Commissioned Works
Repertory Singers’ continued strong commitment to commissioning new choral music has been supported with fund raising efforts by its Board of Directors and by the gracious support of our donors. In a move unprecedented for an organization of its size, the Repertory Singers contracted with Craig Kingsbury in 2000 to compose up to four new choral pieces a year for five years. The group commissioned new works by Martha Sullivan, Todd Barton and by Bryan Johanson, who composed a new piece premiered at our Songs of Shakespeare concert in July, 2006. Most recently staff accompanist, Jodi French has composed music for as many as two of the concerts each season and her pieces always rank among the audiences favorite moments.
All three composers are among the best in today’s world of contemporary music.
The Southern Oregon Repertory Singers are proud to be counted among the few thriving choral organizations who has had a Composer-In-Residence. Craig Kingsbury is composing beautiful choral music.
Craig Kingsbury earned his degree in music composition at the University of Southern California. He worked for a number of years in Los Angeles as a singer, choral conductor, and arranger, and spent two years in Europe singing oratorio and opera.

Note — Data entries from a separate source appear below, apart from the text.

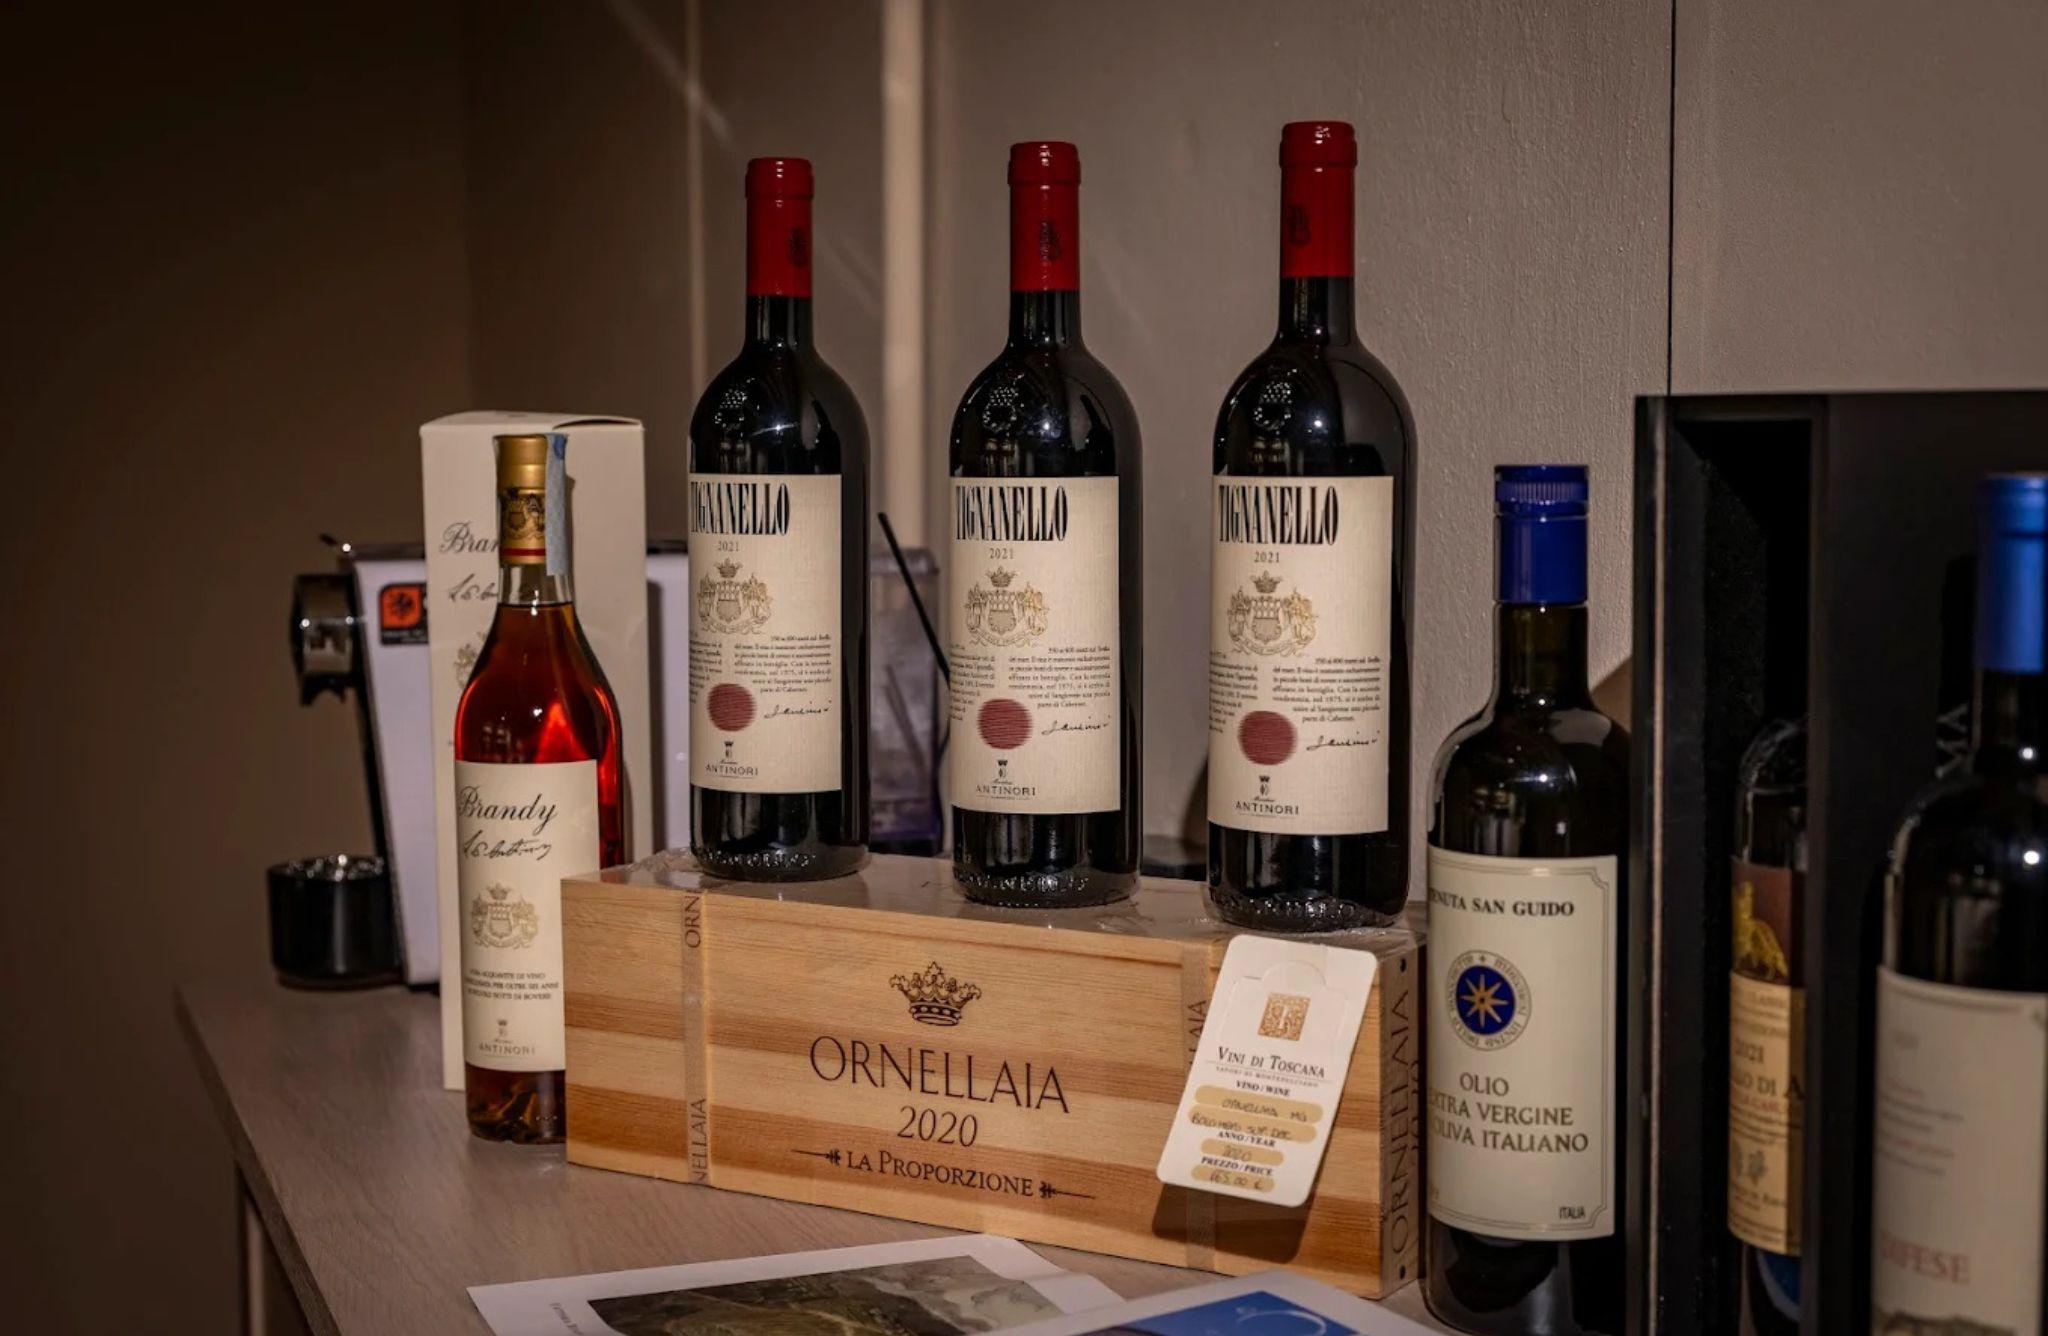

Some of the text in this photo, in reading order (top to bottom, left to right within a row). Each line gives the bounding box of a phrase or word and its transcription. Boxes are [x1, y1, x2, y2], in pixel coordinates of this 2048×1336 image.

[956, 485, 1068, 541] TIGNANELLO
[1219, 484, 1339, 545] TIGNANELLO
[718, 541, 740, 552] 2021
[990, 548, 1015, 559] 2021
[1254, 552, 1280, 563] 2021
[705, 764, 758, 776] ANTINORI
[975, 785, 1035, 796] ANTINORI
[460, 785, 558, 836] Brandy
[1235, 801, 1299, 815] ANTINORI
[1473, 897, 1505, 914] SAN
[1513, 901, 1574, 917] GUIDO
[478, 1042, 536, 1056] ANTINORI
[809, 1035, 1070, 1115] ORNELLAIA
[1459, 1072, 1509, 1097] OLIO
[1236, 1080, 1259, 1091] VINO
[1265, 1086, 1290, 1097] WINE
[1390, 989, 1409, 1253] ORNELLAIA
[1479, 1102, 1574, 1127] VERGINE
[897, 1106, 978, 1148] 2020
[1217, 1131, 1244, 1142] ANNO
[1250, 1136, 1276, 1148] YEAR
[1481, 1129, 1589, 1153] ITALIANO
[846, 1149, 1034, 1198] LA PROPORZIONE
[1201, 1156, 1238, 1170] PREZZO
[1244, 1164, 1274, 1177] PRICE
[1559, 1206, 1586, 1220] ITALIA

He now resides in Portland, Oregon, where he arranges music and produces recordings for a publisher of liturgical music.
A Mind of Winter, A Song for Midsummer’s Eve, Ave Maria, Come to Me in the Silence, Hey, Ho, the Wind and the Rain, It Was a Lover and His Lass, O Mistress Mine, There is no Rose, Tous Mes Pensees, The “L” Word, The O Antiphons, Three Hebridean Folk Songs, The Bens of Jura, Lochbroom Love Song, Land of Heart’s Desire, Three Songs from Conciones de Luna, Murio al Amanecer, La Tarde Canta, La Luna Asoma.
Martha Sullivan composes music mostly for the human voice; her work has been praised as “vibrant” and “a singer’s favorite.” Many prominent American choral groups have commissioned pieces from her, including the Dale Warland Singers, the Gregg Smith Singers, and Seattle’s The Esoterics. Her work appears on recordings by Chicago A Cappella, mezzo-soprano Virginia Dupuy, and The Esoterics. Both G. Schirmer and Laurendale Publishing have published her music. Sullivan was one of three winners of the 2009 Sorel Medallion competition for women composers, and she won the Dale Warland Singers’ Choral Ventures competition in its final year (2003).

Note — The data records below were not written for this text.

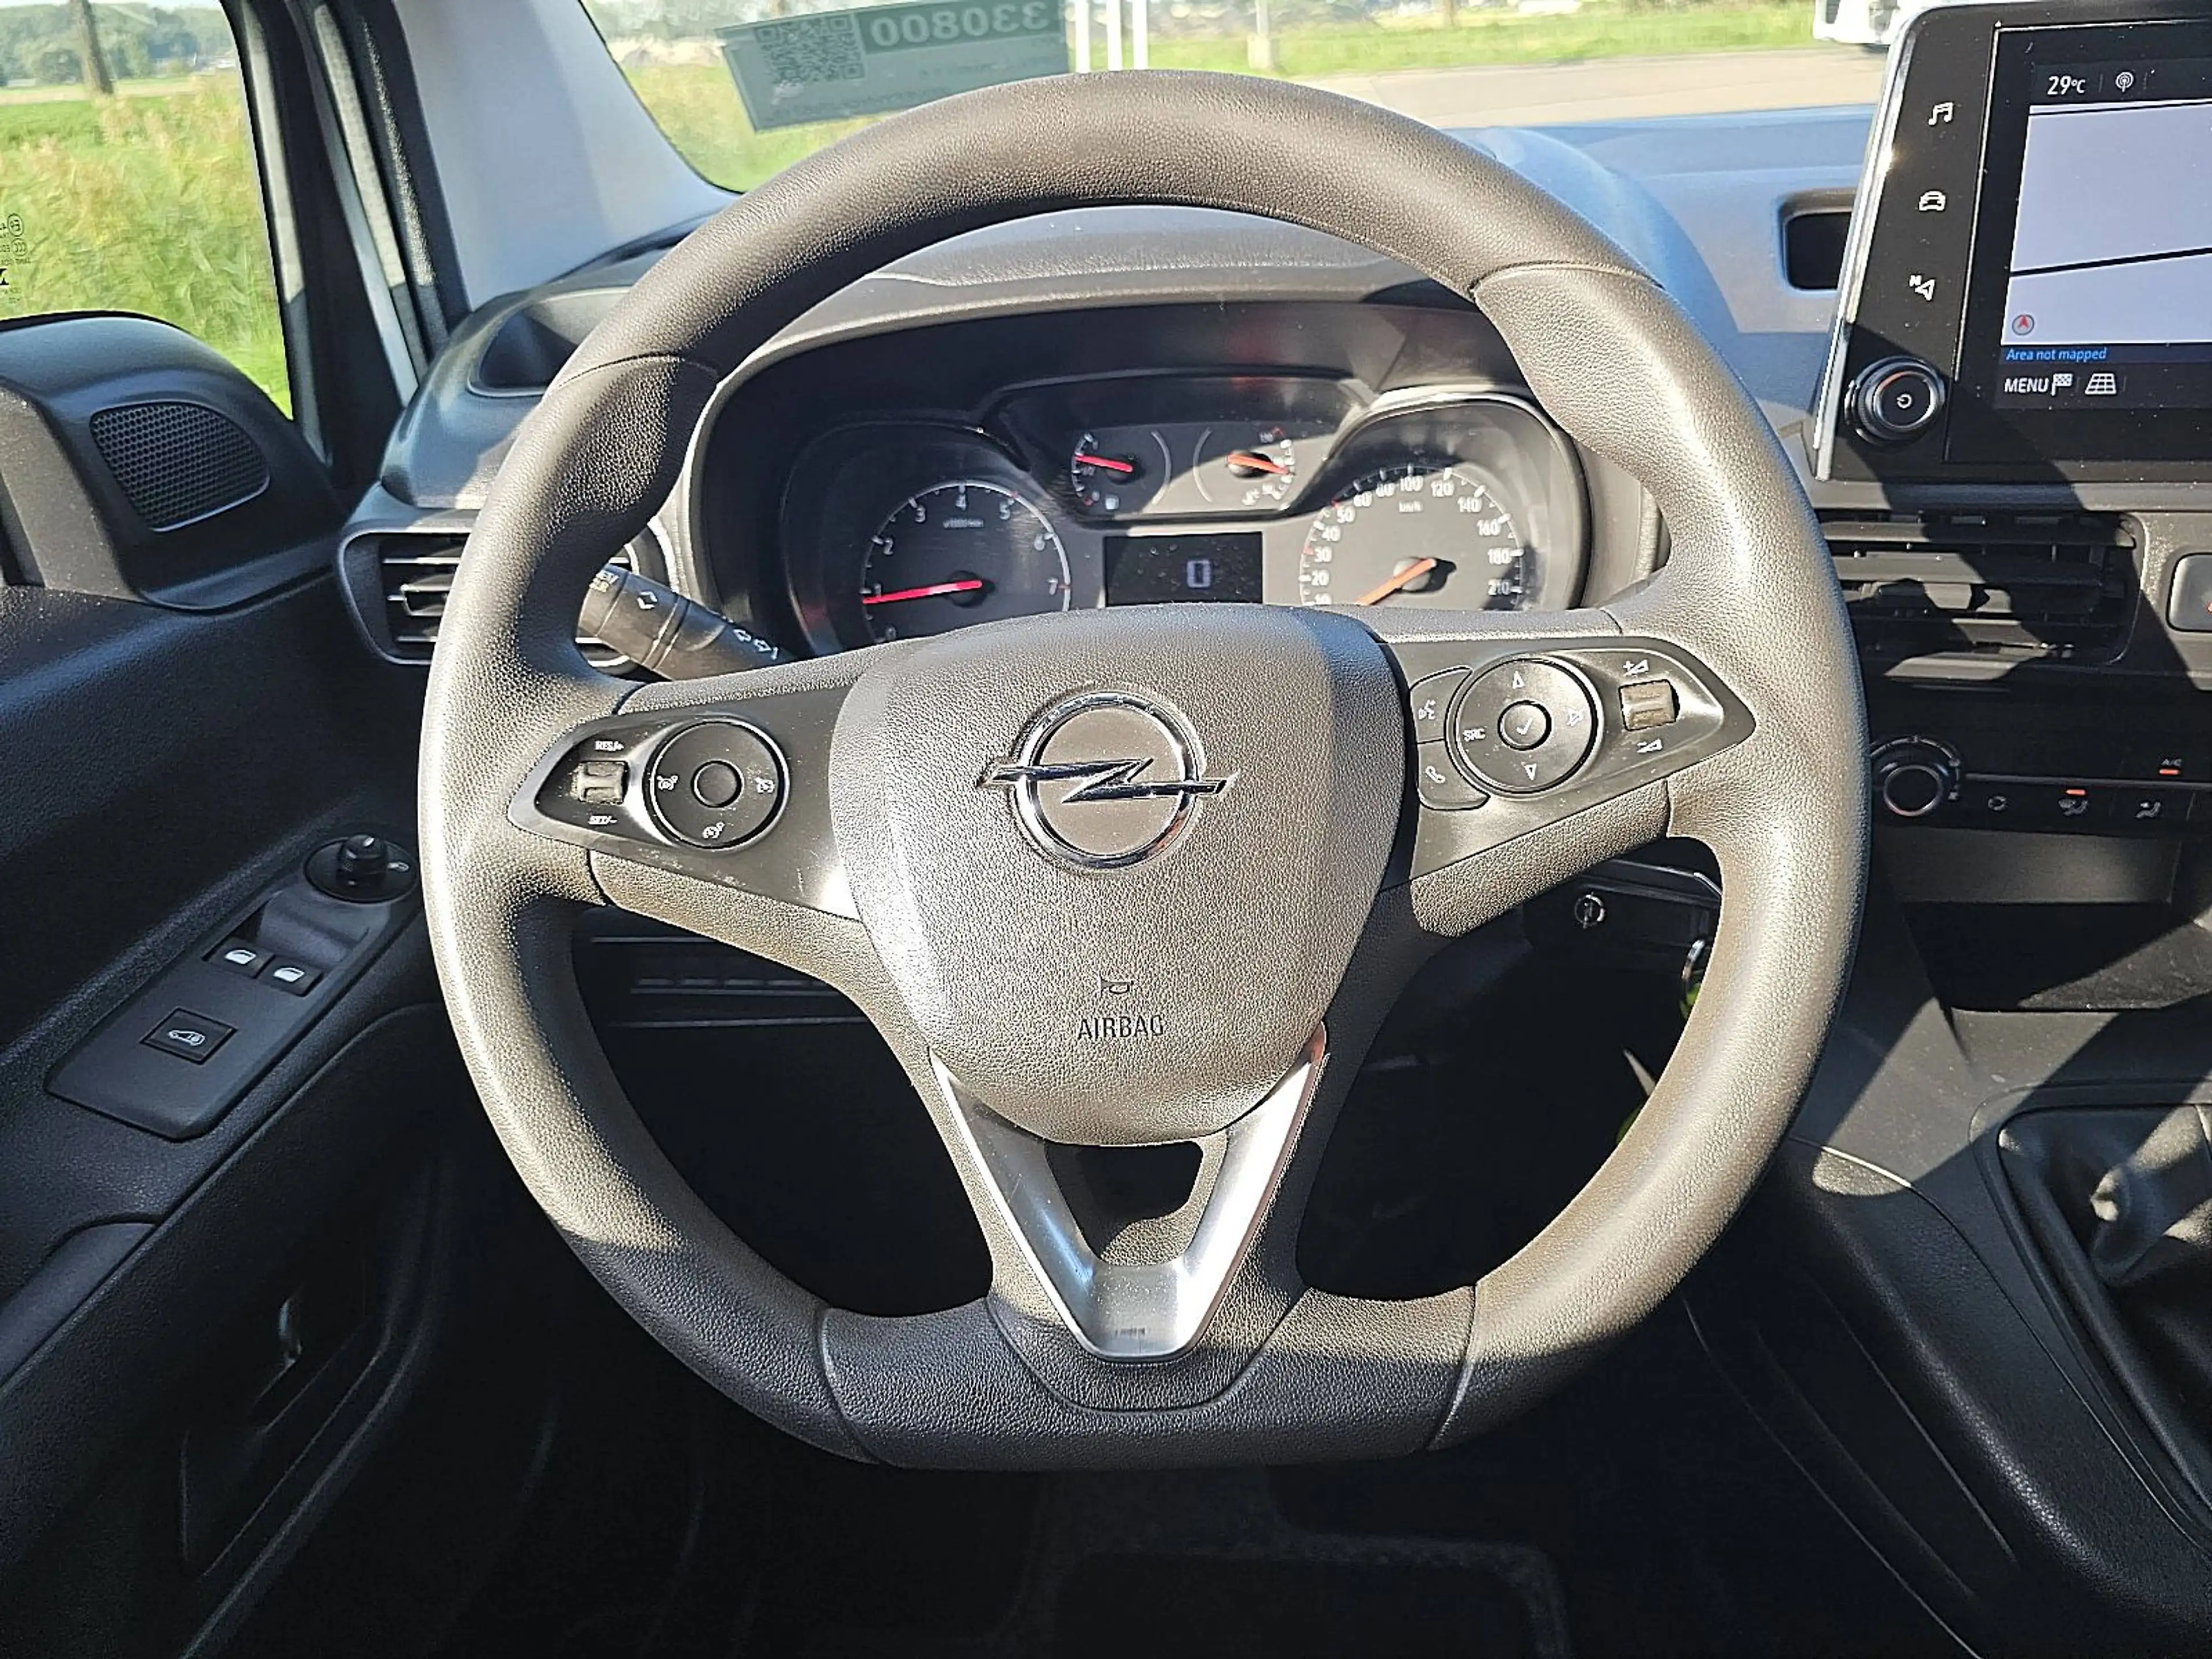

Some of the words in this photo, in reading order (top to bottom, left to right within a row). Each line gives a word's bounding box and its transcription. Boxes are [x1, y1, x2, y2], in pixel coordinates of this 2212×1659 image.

[2006, 348, 2033, 361] Area
[2036, 349, 2056, 361] not
[2058, 347, 2107, 362] mapped
[2004, 378, 2049, 393] MENU
[1400, 475, 1423, 491] 100
[1431, 481, 1455, 497] 120
[999, 501, 1011, 520] 5
[1457, 497, 1482, 513] 140
[915, 505, 926, 522] 3
[1321, 525, 1341, 541] 40
[883, 537, 893, 555] 2
[1314, 546, 1332, 562] 30
[1311, 570, 1330, 586] 20
[1048, 578, 1058, 596] 7
[1078, 1015, 1164, 1040] AIRBAG

Notes on her commission for SORS: I chose texts that refer to music or to singing, because I believe choirs should have a chance to celebrate what they do at the very moment they are doing it.
O! How Thy Worth with Manners May I Sing begins the set with a simple two-voice texture of men¹s voices that gradually becomes an undulating accompaniment to the women’s praise of the beloved. The form of the text determined the shape of the music, because I strove to adhere to a rule the composer Ned Rorem has posed, namely, that the composer should not alter the original text to suit his or her own musical agendas.
Who Is Silvia? This very famous text is a rustic song of praise from Two Gentlemen of Verona. I chose an asymmetrical meter, 7/8, to lend the music some swing and direction.
And Bring Your Music Forth uses the famous text from Merchant of Venicethat Ralph Vaughan Williams used for his Serenade to Music. I set it with two contrasting textures: there is a simple, hymn-like texture of chords within which the voices move together, and often in octaves, so as to sound rich like an organ; there is also a reprise of the undulating texture from O! How Thy Worth with Manners May I Sing, to give a sense of unity to the set as something more than just three separate songs.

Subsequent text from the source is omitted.